Lonely in London Chapter 5

 

          I had been living in a lonely room in a boarding house. I walked up five flights to get to it. In the two months I was there, I don’t remember seeing other tenants. There was a hot pan where I cooked lamb chops and a shilling meter for heat. It was cold and, with that heater, only one side of me got warm at a time. The cleaning lady was my only friend. I heard someone in another building practicing the piano.

          It was a big change in my life becauseI realized my introversion, actually enjoying my days alone at the museums and the films and the theater. But I was young and lonely too, so much so that I would see someone on the street and be sure I knew her but also know with my sane mind that it wasn’t so. I was just lonely. I kept moving, doing things. That saved me. I went everywhere in London.

          Finally, the money came through and with my fist full of cash, I hustled over to the far side of town to the Triumph shop and bought the bike, a leather jacket, boots, a helmet, a pair of goggles and gloves. It was evening by then. I had the guy at the shop drive us both over to my boarding house.  I only theoretically knew how to operate a motorcycle.

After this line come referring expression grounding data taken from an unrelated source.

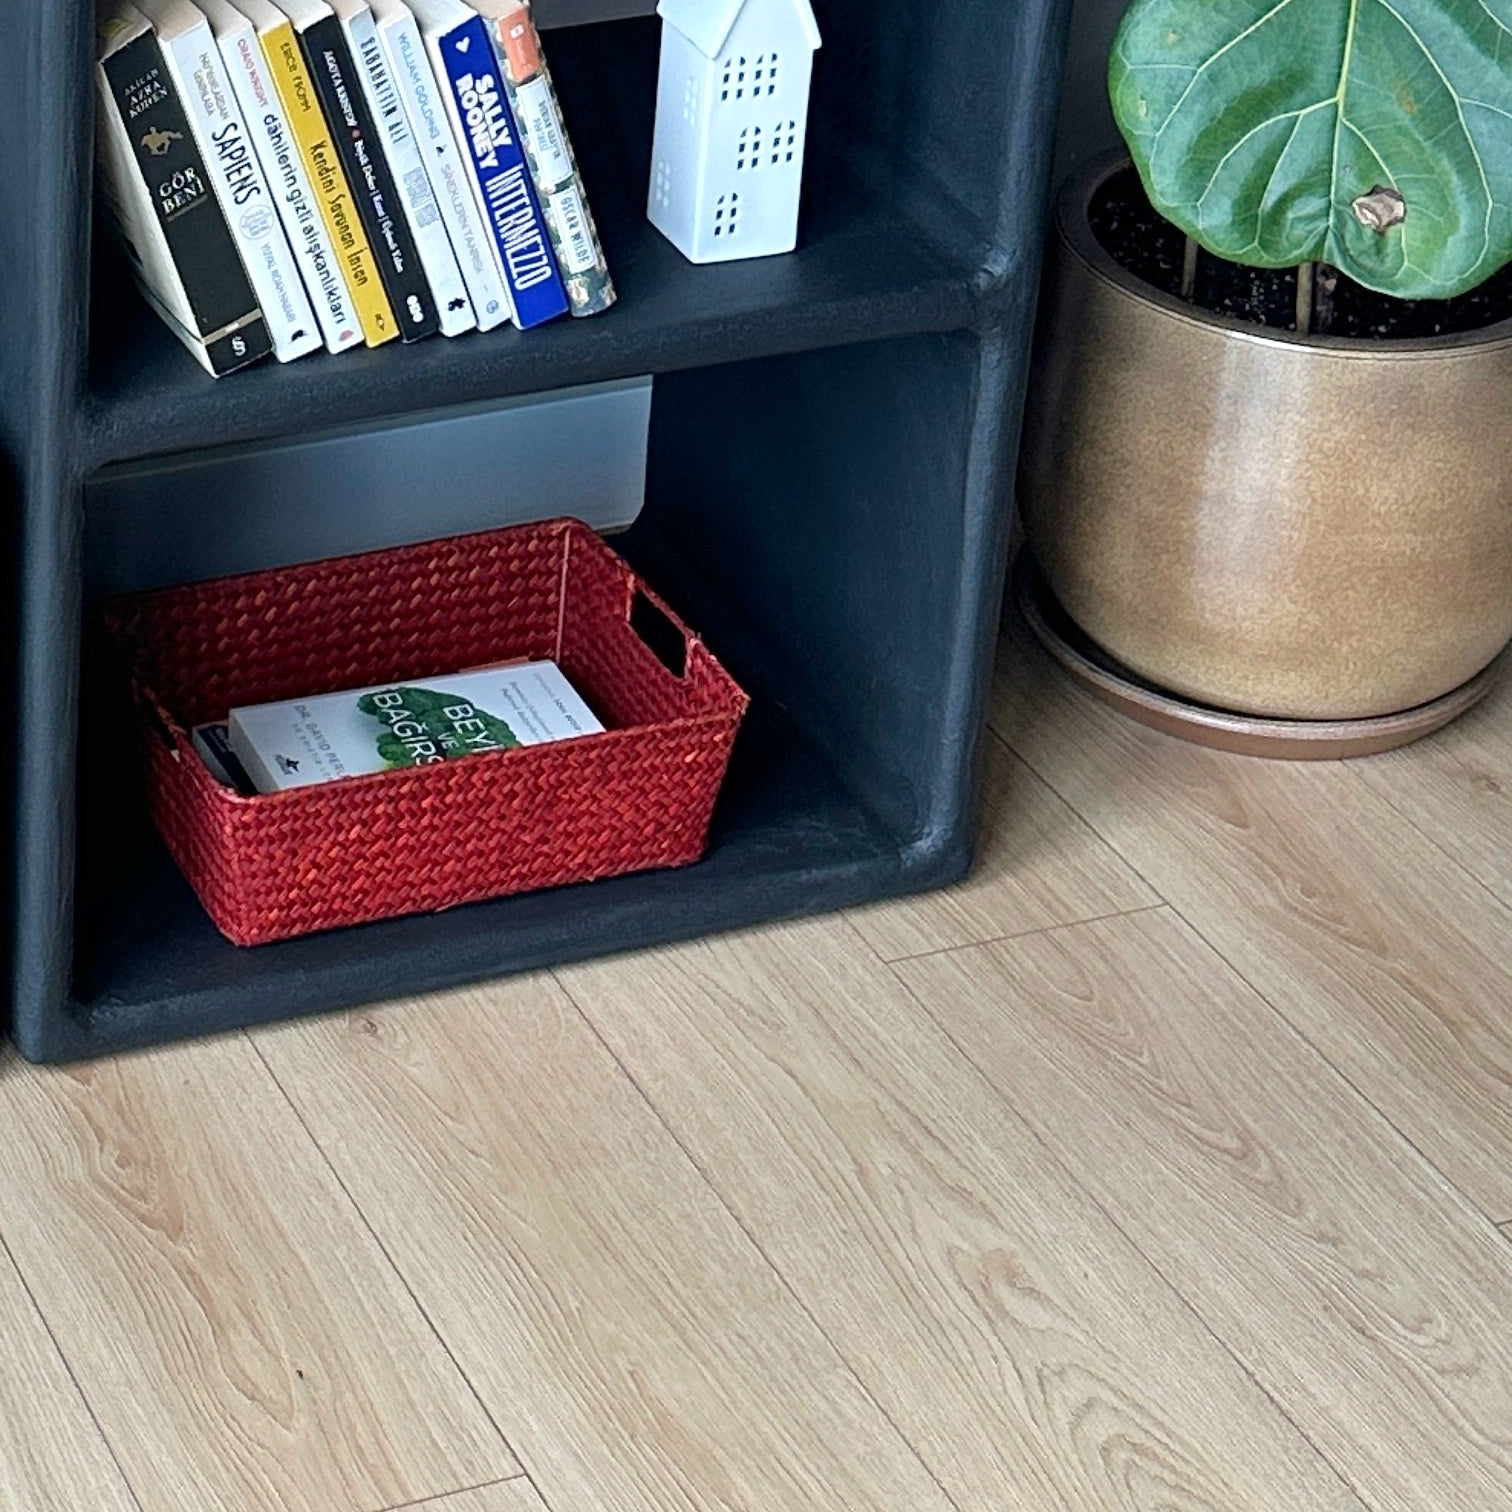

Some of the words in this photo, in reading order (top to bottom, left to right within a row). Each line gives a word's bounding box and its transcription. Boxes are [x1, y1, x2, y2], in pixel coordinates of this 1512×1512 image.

[280, 42, 298, 73] ERICH
[292, 75, 312, 113] FROMM
[322, 50, 344, 89] AGOTA
[398, 31, 422, 85] WILLIAM
[415, 83, 441, 140] GOLDING
[455, 73, 499, 169] ROONEY
[475, 73, 513, 148] SALLY
[159, 166, 196, 198] GÖR
[212, 122, 261, 205] SAPIENS
[310, 140, 337, 194] Kendini
[328, 193, 356, 249] Savunan
[347, 246, 369, 287] İnsan
[485, 162, 552, 291] INTERMEZZO
[560, 196, 580, 229] OSCAR
[571, 229, 591, 264] WILDE
[285, 187, 314, 225] gizli
[302, 224, 347, 324] alışkanlıkları
[437, 731, 460, 750] VE
[443, 703, 505, 752] BEYİ
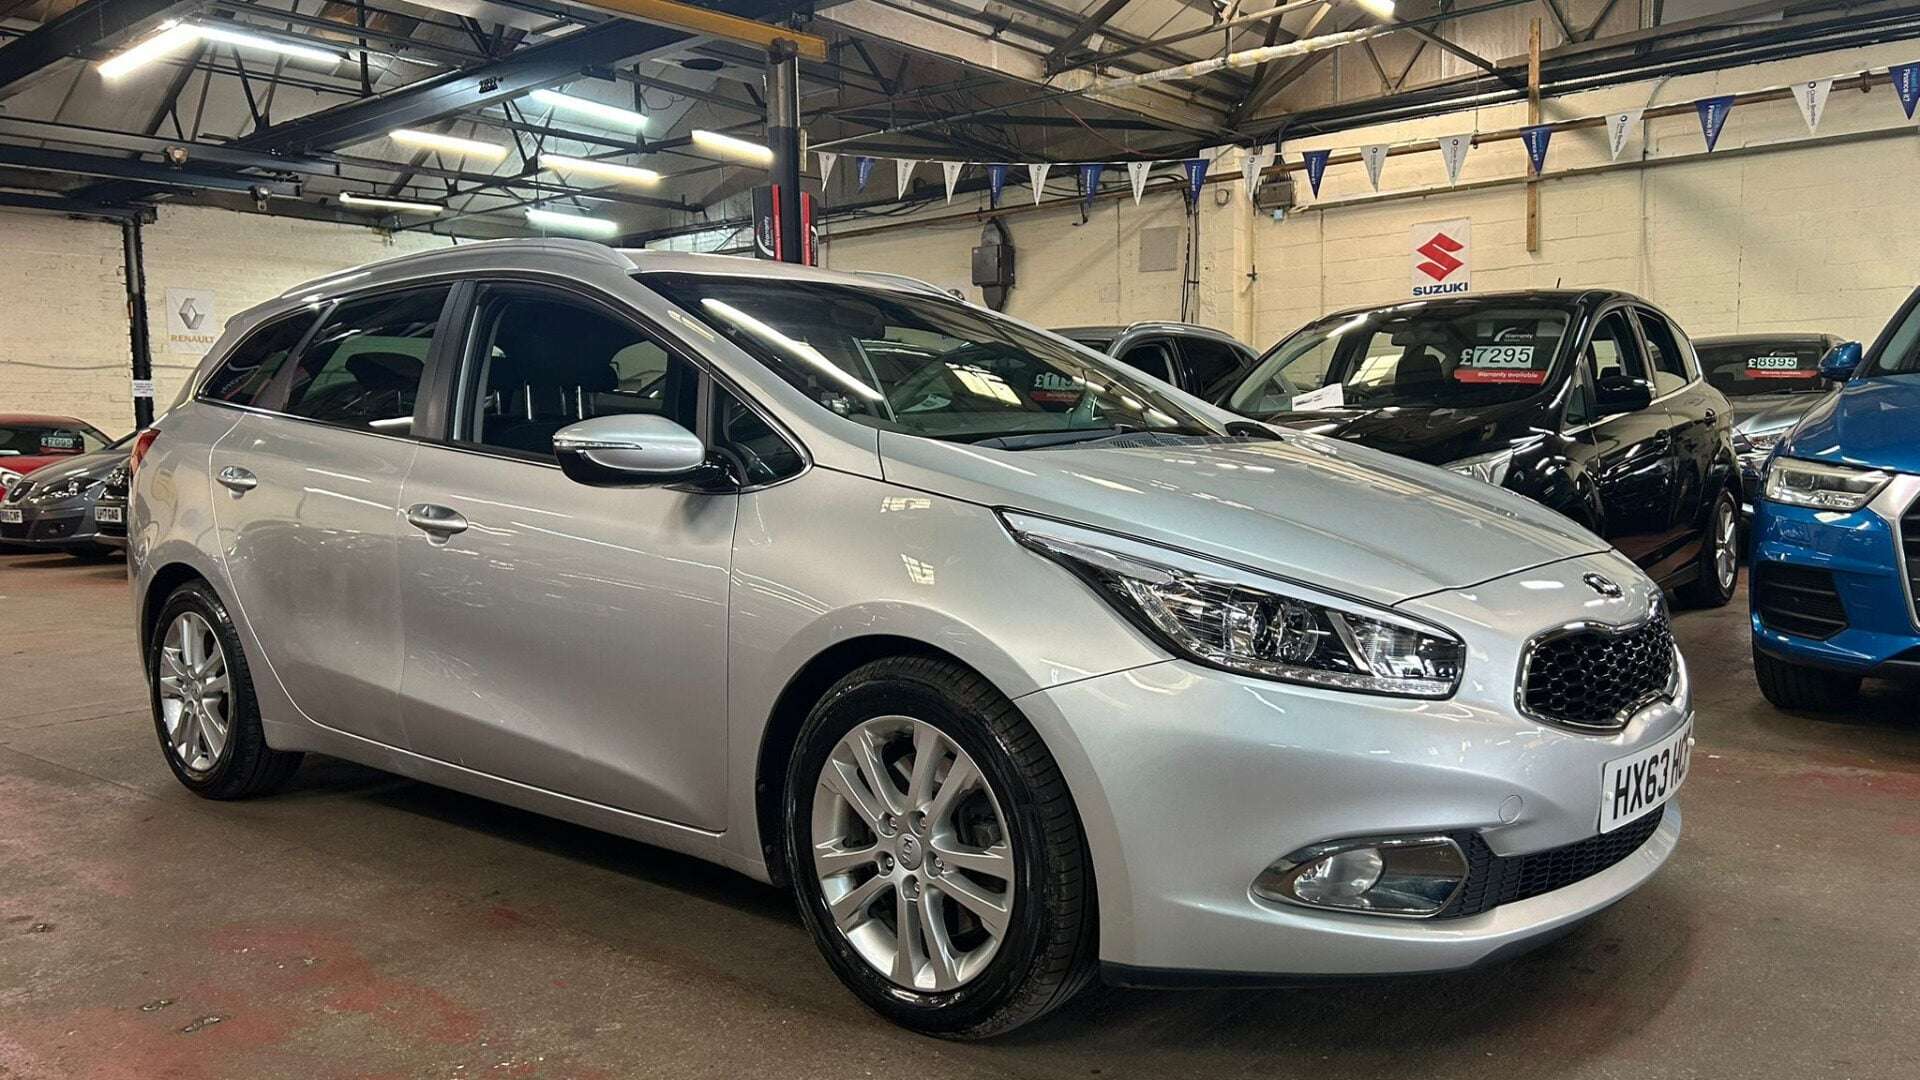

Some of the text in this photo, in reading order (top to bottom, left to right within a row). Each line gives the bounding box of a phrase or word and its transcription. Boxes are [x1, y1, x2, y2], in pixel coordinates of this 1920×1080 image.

[1412, 282, 1468, 296] SUZUKI
[170, 335, 214, 343] RENAULT
[1460, 347, 1531, 365] £7295
[1747, 358, 1796, 368] £8995
[1613, 748, 1670, 820] HX63
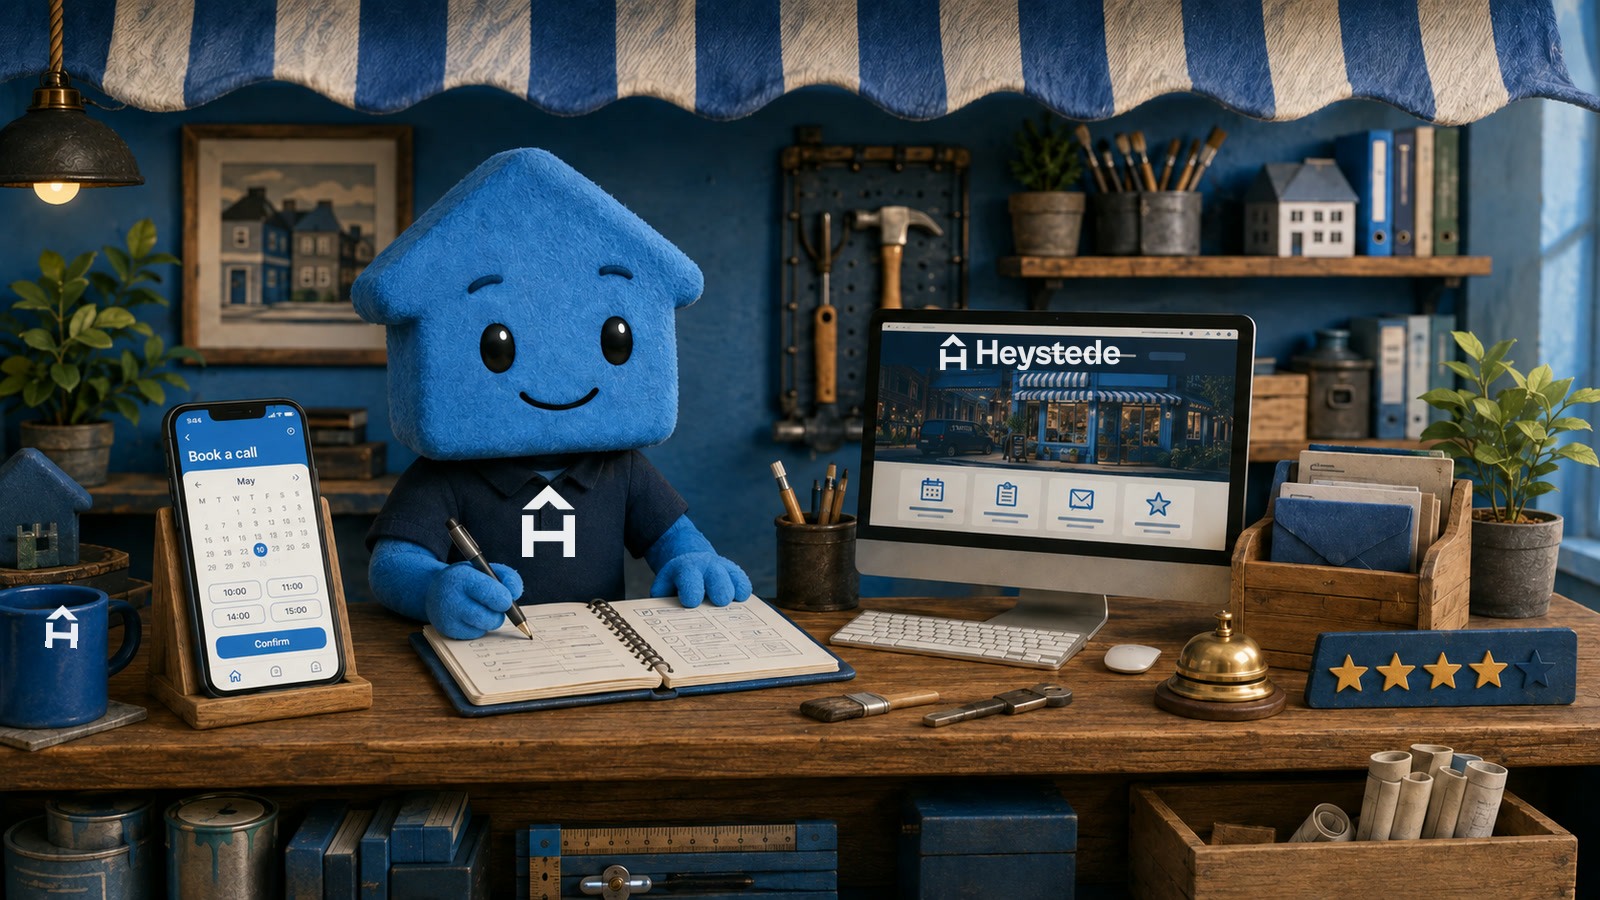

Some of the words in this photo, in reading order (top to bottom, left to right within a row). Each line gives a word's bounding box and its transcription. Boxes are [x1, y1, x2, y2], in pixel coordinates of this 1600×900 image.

Added to that was the pressure of a couple of other facts. My landlady was on the warpath because I was a day into the next month and she wanted me to pay the whole month. Basically, I told her,

           “It ain’t gonna happen.” She countered with,

          “You bloody Americans think you own the world.” And I said,

          “Yeah, maybe, so what?”

          The other fact was that I had luggage and a guitar, which wouldn’t go on the motorcycle. I didn’t buy saddle bags, (probably because they didn’t look cool), so I had to ship all of that ahead to Madrid, my final destination. This had to happen fast before my landlady could figure out how to squeeze me for the rent which, by now, I didn’t have anyway.

          That night I was up very late reading the motorcycle manual and up very early getting my bags to the train station and then, finally, trying to start the motorcycle and make my way to the English Channel and the boat to France.

          The motorcycle started and I began to know how to drive it in the London traffic and to feel a little more empowered and excited about the road I was on, what it would lead to up ahead. And I didn’t even have a change of clothes.